Satpol PP Cianjur periksa ponsel ASN mengantisipasi judol
Pemeriksaan ponsel selular ASN di Kabupaten Cianjur dilaksanakan Satpol PP Damkar sebagai tindak lanjut instruksi Bupati untuk mencegah perjudian online dan pelanggaran berat lainnya.

Satpol PP Damkar Cianjur Periksa Ponsel ASN Cegah Perjudian Online
Pemeriksaan ponsel selular terhadap Aparatur Sipil Negara (ASN) di lingkungan kerja Kabupaten Cianjur, Jawa Barat dilaksanakan oleh Satuan Polisi Pamong Praja dan Pemadam Kebakaran (Satpol PP Damkar) sebagai tindak lanjut instruksi Bupati Cianjur. Tindakan ini bertujuan untuk mencegah ASN terlibat dalam perjudian online dan pelanggaran berat lainnya.
Tujuan dan Sasaran Pemeriksaan
Kepala Satuan Pol PP dan Damkar Cianjur Djoko Purnomo menjelaskan bahwa pemeriksaan mencakup seluruh ASN dan Pegawai Pemerintah dengan Perjanjian Kerja (PPPK) di seluruh Organisasi Perangkat Daerah (OPD) di Cianjur. Pelaksanaan pemeriksaan dibagi menjadi dua tahap:
- Satpol PP dan Damkar akan melakukan pemeriksaan ponsel secara rutin setiap apel pagi untuk anggota unitnya
- Untuk OPD lain, pemeriksaan akan dilakukan oleh kepala masing-masing dinas sesuai instruksi Bupati
Hasil Pemeriksaan Awal
Hingga saat ini, pihaknya belum menemukan adanya aplikasi perjudian online di ponsel yang telah diperiksa.

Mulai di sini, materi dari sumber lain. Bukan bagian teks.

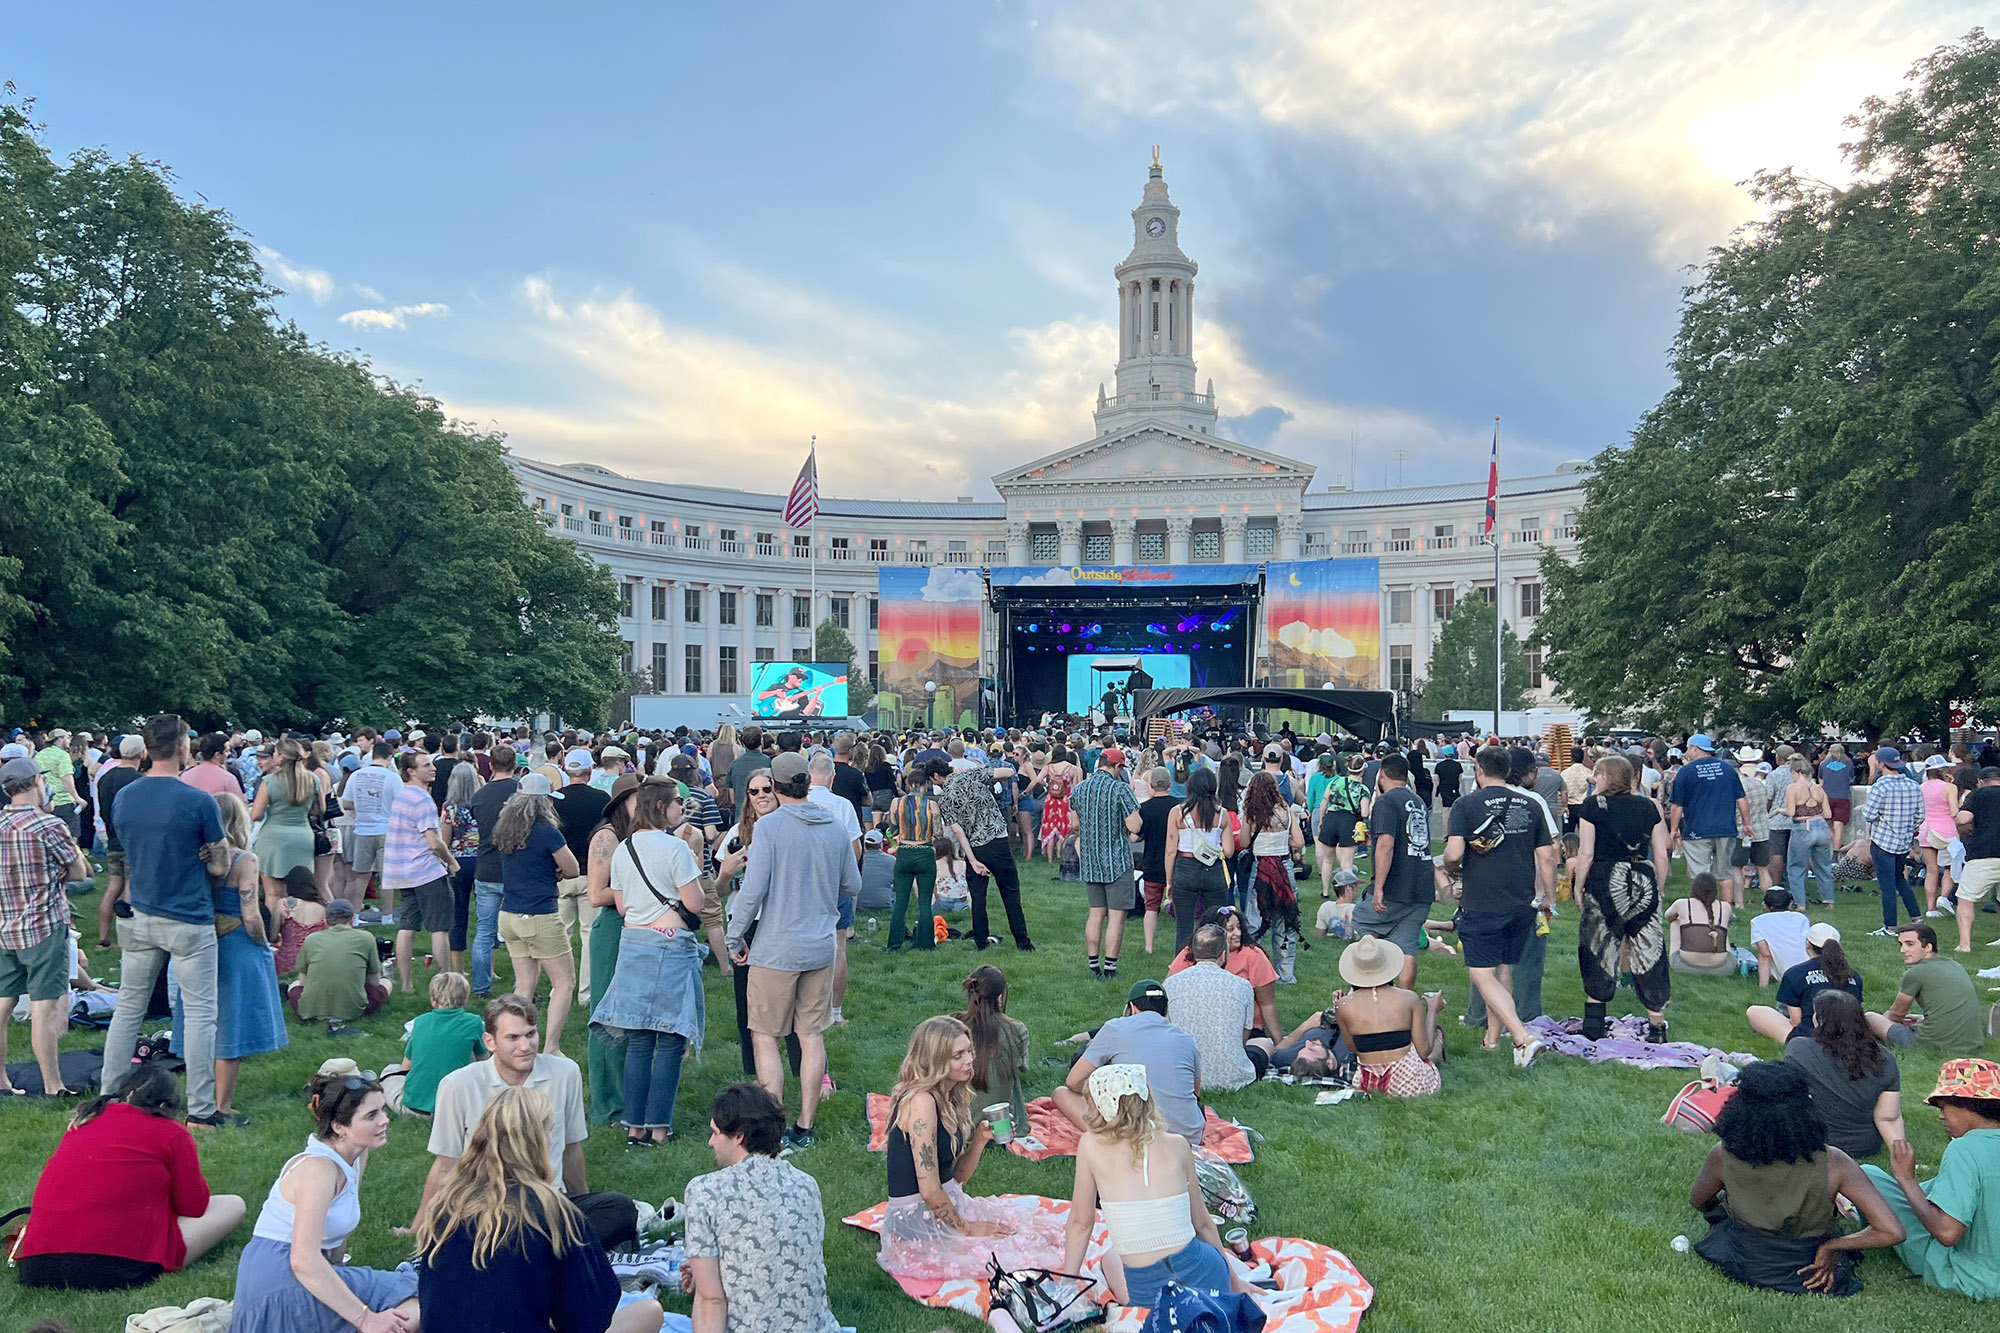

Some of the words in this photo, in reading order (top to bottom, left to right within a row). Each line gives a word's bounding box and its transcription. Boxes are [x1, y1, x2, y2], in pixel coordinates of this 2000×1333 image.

[1015, 498, 1057, 508] ERECTED
[1060, 498, 1074, 507] BY
[1076, 497, 1094, 506] THE
[1097, 496, 1131, 506] PEOPLE
[1137, 494, 1160, 505] CITY
[1162, 494, 1184, 504] AND
[1234, 492, 1247, 502] OF
[1251, 491, 1293, 501] DENVER
[1070, 566, 1122, 580] Outside
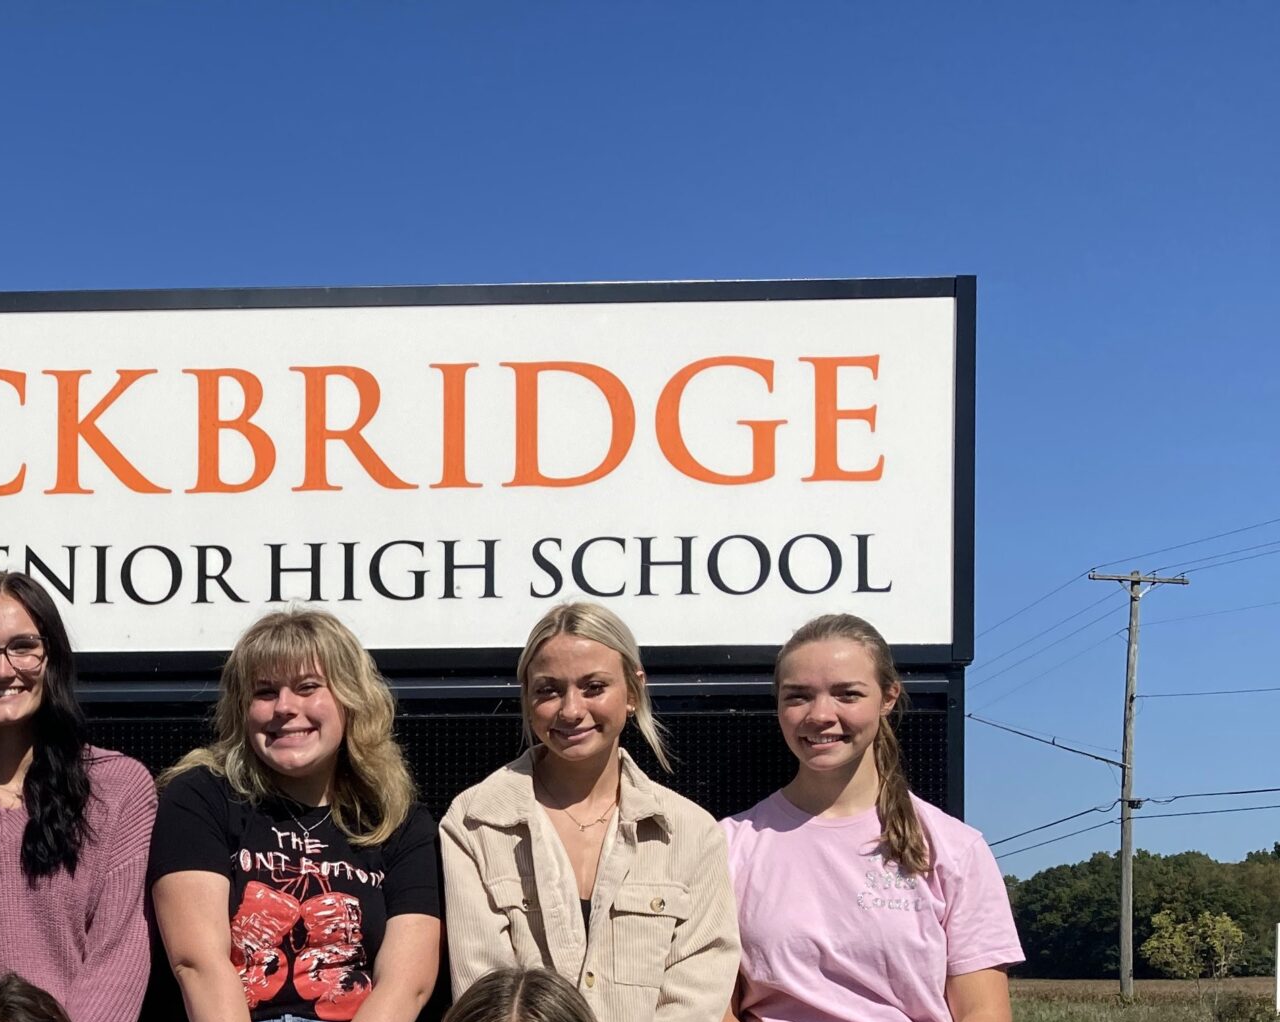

Meskipun demikian, Djoko menegaskan bahwa pemeriksaan akan dilanjutkan secara rutin untuk mengantisipasi adanya pelanggaran di kemudian hari.
"Sesuai instruksi pimpinan, kami akan rutin melakukan pemeriksaan ponsel milik ASN yang bertugas di lingkungan kantor Satpol PP dan Damkar, sedangkan di organisasi perangkat daerah lainnya dilakukan pimpinan masing-masing," katanya saat diwawancarai di Cianjur, Rabu.
Sanksi dan Peringatan Tambahan
Selain larangan terlibat perjudian online, Bupati Cianjur juga mengeluarkan instruksi sanksi tegas bagi ASN yang terbukti terlibat, hingga pemecatan dari jabatan. Djoko juga menambahkan bahwa pihaknya terus memperingatkan anggota untuk tidak terlibat dalam kasus narkoba, obat terlarang, dan kegiatan lain yang dapat merugikan diri, keluarga, dan orang lain.
"Kami juga selalu memperingatkan anggota agar tidak terlibat dalam kasus narkoba, obat terlarang dan hal yang dapat merugikan dirinya, keluarga dan orang lain, sehingga berujung pemecatan," tambahnya.
Pemeriksaan ini merupakan bagian dari upaya Pemerintah Kabupaten Cianjur untuk menciptakan lingkungan kerja yang bersih, terpercaya, dan menjaga integritas ASN di daerah.